Just fine isn't the same as thriving. If they're not dropping like flies then you're probably "just fine," but for them to truly be happy in their environment, they need a lower PH.


----------



## JennJenn83 (Aug 3, 2010)

CaliforniaFishkeeper said:


> Just fine isn't the same as thriving. If they're not dropping like flies then you're probably "just fine," but for them to truly be happy in their environment, they need a lower PH.


Ok thanks for your input.


----------



## JennJenn83 (Aug 3, 2010)

Byron, was wondering if you could help me one some filtration questions. 

Ok, I have been doing some research. I have a question about my HOB filters. I have read that I could use other material besided using the filter cartridges. Would this be my best option and what suggestions do you have about what I should put in it and how it should be stacked in the filter. thanks


----------



## Byron (Mar 7, 2009)

JennJenn83 said:


> Byron, was wondering if you could help me one some filtration questions.
> 
> Ok, I have been doing some research. I have a question about my HOB filters. I have read that I could use other material besided using the filter cartridges. Would this be my best option and what suggestions do you have about what I should put in it and how it should be stacked in the filter. thanks


First I must mention that I am not a fan of HOB filters. Reason being they usually produce a strong current that cannot be controlled, either in its intensity or direction. One can make "baffles" to lessen the current, and some may have directional spouts that can be aimed at end walls to reduce the flow, but most are basic waterfalls. These are fine if you have fish that need current, some do. But most forest fish do not, and in planted tanks we do not want currents above something fairly insignificant. Also, the inlet and outflow are adjoining (more or less) and this is less effective in creating a good flow throughout the tank (important for not only filtration but maintaining an even temperature). In larger tanks, canisters solve this latter problem, plus they can be adjusted by positioning the outflow spraybar/spigot against the end wall, and most have a control valve.
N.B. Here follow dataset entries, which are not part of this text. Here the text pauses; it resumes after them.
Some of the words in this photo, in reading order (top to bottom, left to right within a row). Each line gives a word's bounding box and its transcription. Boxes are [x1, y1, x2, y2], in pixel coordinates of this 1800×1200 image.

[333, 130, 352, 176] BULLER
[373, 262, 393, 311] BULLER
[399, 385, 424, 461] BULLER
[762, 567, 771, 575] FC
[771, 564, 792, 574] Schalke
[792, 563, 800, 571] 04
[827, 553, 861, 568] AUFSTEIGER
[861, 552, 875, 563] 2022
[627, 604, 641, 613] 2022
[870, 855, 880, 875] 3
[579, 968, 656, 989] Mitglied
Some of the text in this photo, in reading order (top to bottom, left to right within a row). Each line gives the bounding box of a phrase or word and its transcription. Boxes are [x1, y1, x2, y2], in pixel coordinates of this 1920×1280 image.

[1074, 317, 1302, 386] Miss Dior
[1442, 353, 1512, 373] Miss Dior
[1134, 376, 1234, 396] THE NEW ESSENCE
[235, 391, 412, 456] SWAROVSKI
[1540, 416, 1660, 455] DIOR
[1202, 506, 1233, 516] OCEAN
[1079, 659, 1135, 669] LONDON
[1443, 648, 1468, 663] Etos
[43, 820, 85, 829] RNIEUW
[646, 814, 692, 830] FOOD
I mention that to start because replacing the filter may not be much more than trying to fix it. For a 45g I would use a sponge filter with an air pump. A canister is another option, much more expensive. I use canisters on tanks over 55g, sponge on tanks under 50g.
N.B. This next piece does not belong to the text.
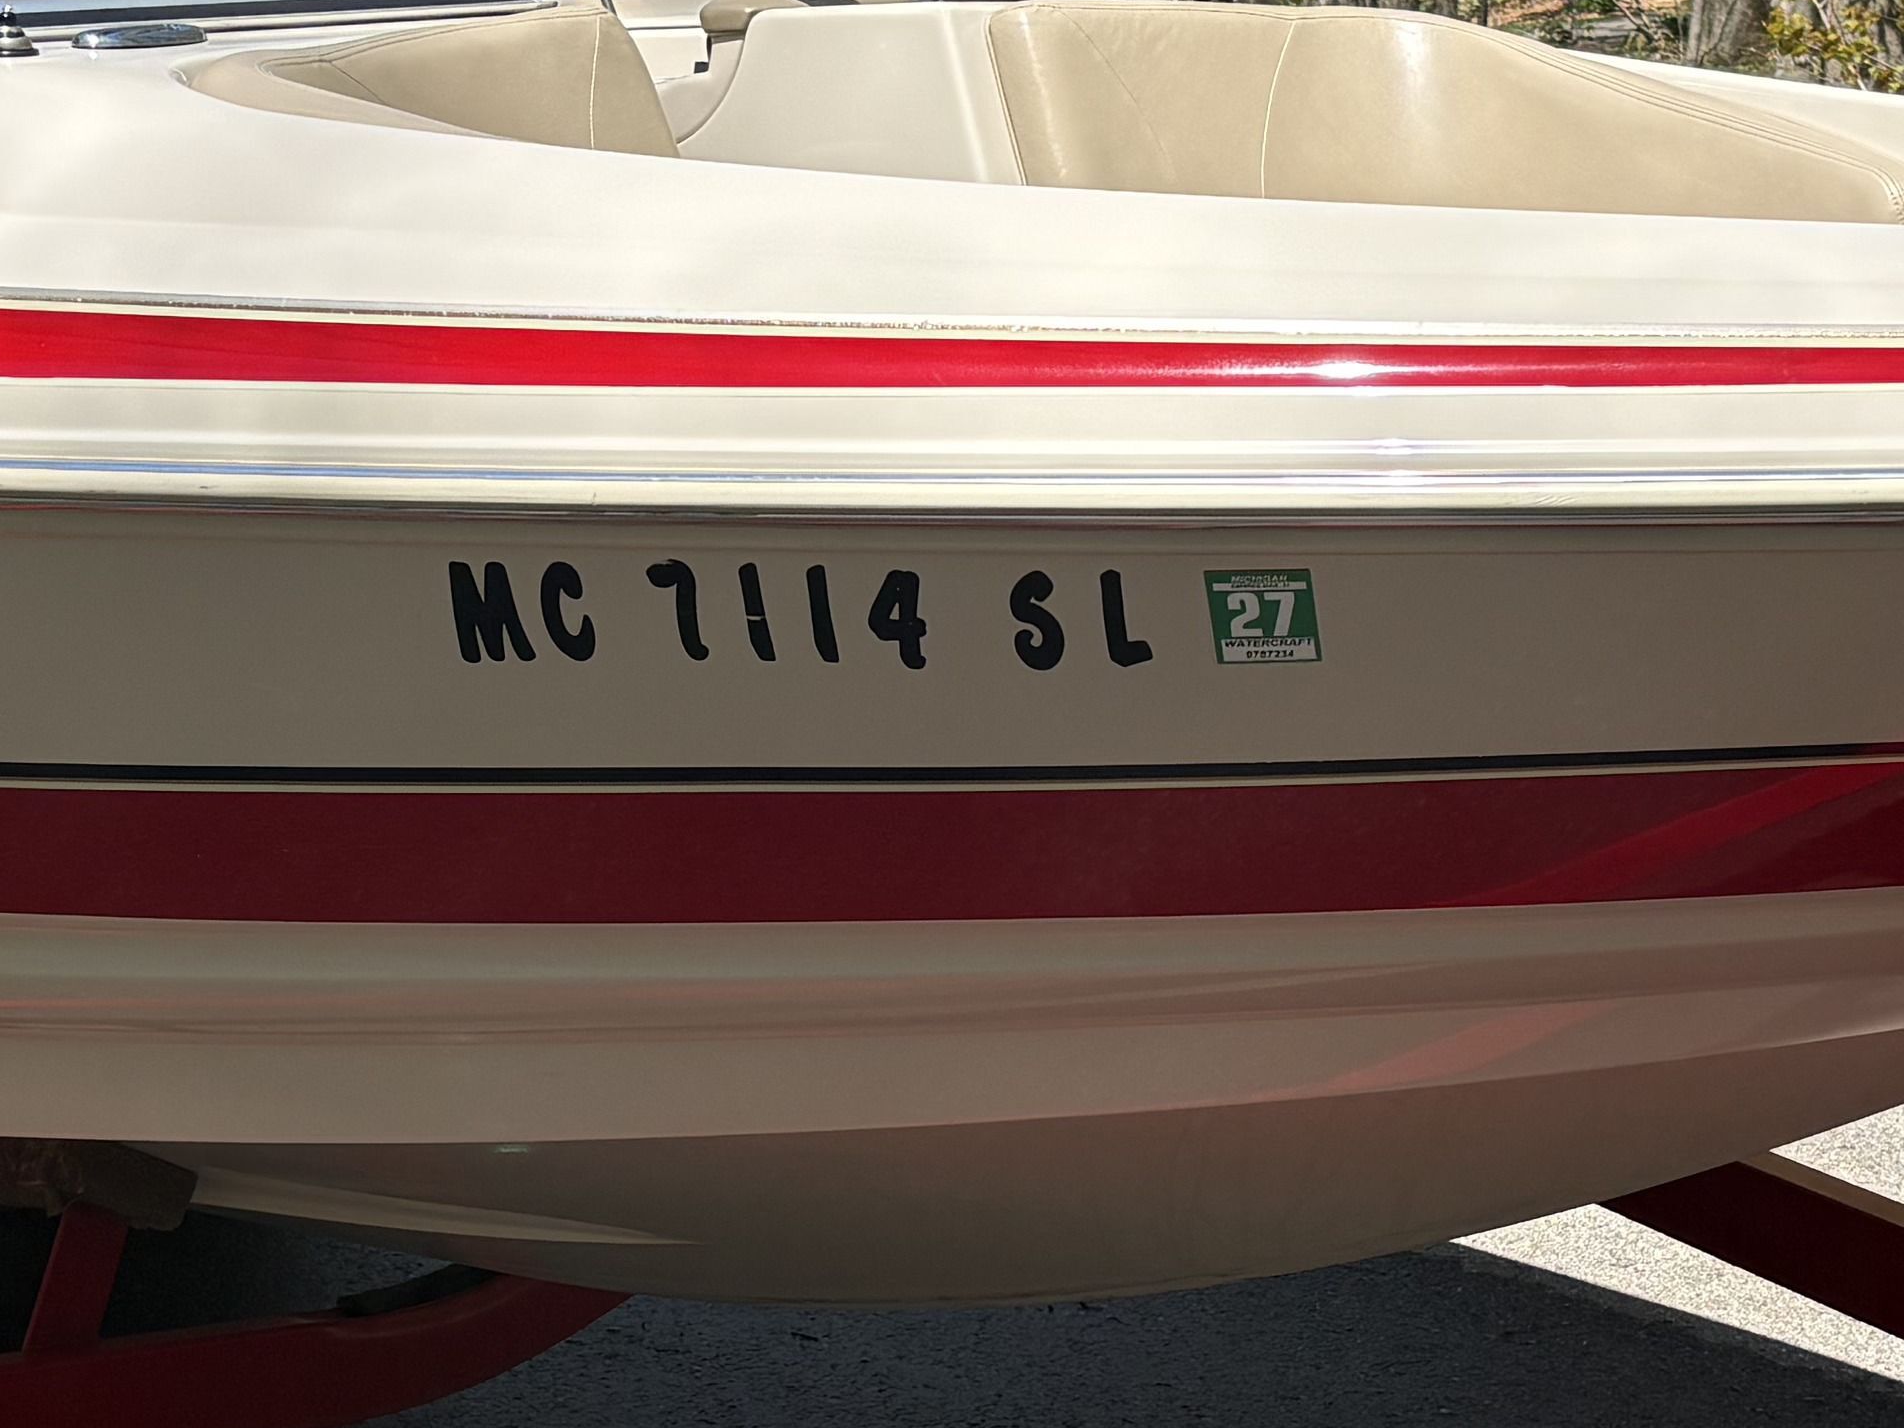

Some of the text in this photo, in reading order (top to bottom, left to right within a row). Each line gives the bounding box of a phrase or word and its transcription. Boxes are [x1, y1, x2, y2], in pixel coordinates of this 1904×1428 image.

[449, 559, 1153, 671] MC 7114 SL
[1227, 592, 1295, 637] 27
[1225, 638, 1312, 647] WATERCRAFT
But, if you stick with the HOB, remove the carbon inserts and replace them with plain filter wood. You can use the loose material and stuff some in (not too tight or it will block the water flow completely and flood:shock or get the sponge-type blocks and cut it to fit.


----------



## zof (Apr 23, 2010)

You can use this stuff instead of the loose stuff if you don't want to mess with a bunch of fibers, just cut it to size, they should have it at both petsmart and petco, also smaller shops might carry it too. Plus if you cant afford to go out and buy the sponge filter, air line, and air pump you can just use that same stuff in your HOB to reduce the current like I did.

I've noticed since doing that the particles in my water travel less then 1 cm / sec compared with before it was around 5 or 6 cm / sec, its not optimal, but it is a good temporary solution. The plants that were getting blown around before, are no longer and starting to recover, plus all the floating plants were struggling for something to grab onto with the high current aren't anymore.


----------



## JennJenn83 (Aug 3, 2010)

zof said:


> You can use this stuff instead of the loose stuff if you don't want to mess with a bunch of fibers, just cut it to size, they should have it at both petsmart and petco, also smaller shops might carry it too. Plus if you cant afford to go out and buy the sponge filter, air line, and air pump you can just use that same stuff in your HOB to reduce the current like I did.
> 
> I've noticed since doing that the particles in my water travel less then 1 cm / sec compared with before it was around 5 or 6 cm / sec, its not optimal, but it is a good temporary solution. The plants that were getting blown around before, are no longer and starting to recover, plus all the floating plants were struggling for something to grab onto with the high current aren't anymore.


I do hope to upgrade my filter soon. 

Ok, so, I think I have figured out what needs to go into my filter. I am just not sure how I should put it in there. Its an HOB, and it takes a cartridge that slides in, there is some space behind the cartridge, but not big enough for the bio-balls. How should I pack in the foam and media into the filter? Should I also use carbon? Thanks!


----------



## zof (Apr 23, 2010)

JennJenn83 said:


> I do hope to upgrade my filter soon.
> 
> Ok, so, I think I have figured out what needs to go into my filter. I am just not sure how I should put it in there. Its an HOB, and it takes a cartridge that slides in, there is some space behind the cartridge, but not big enough for the bio-balls. How should I pack in the foam and media into the filter? Should I also use carbon? Thanks!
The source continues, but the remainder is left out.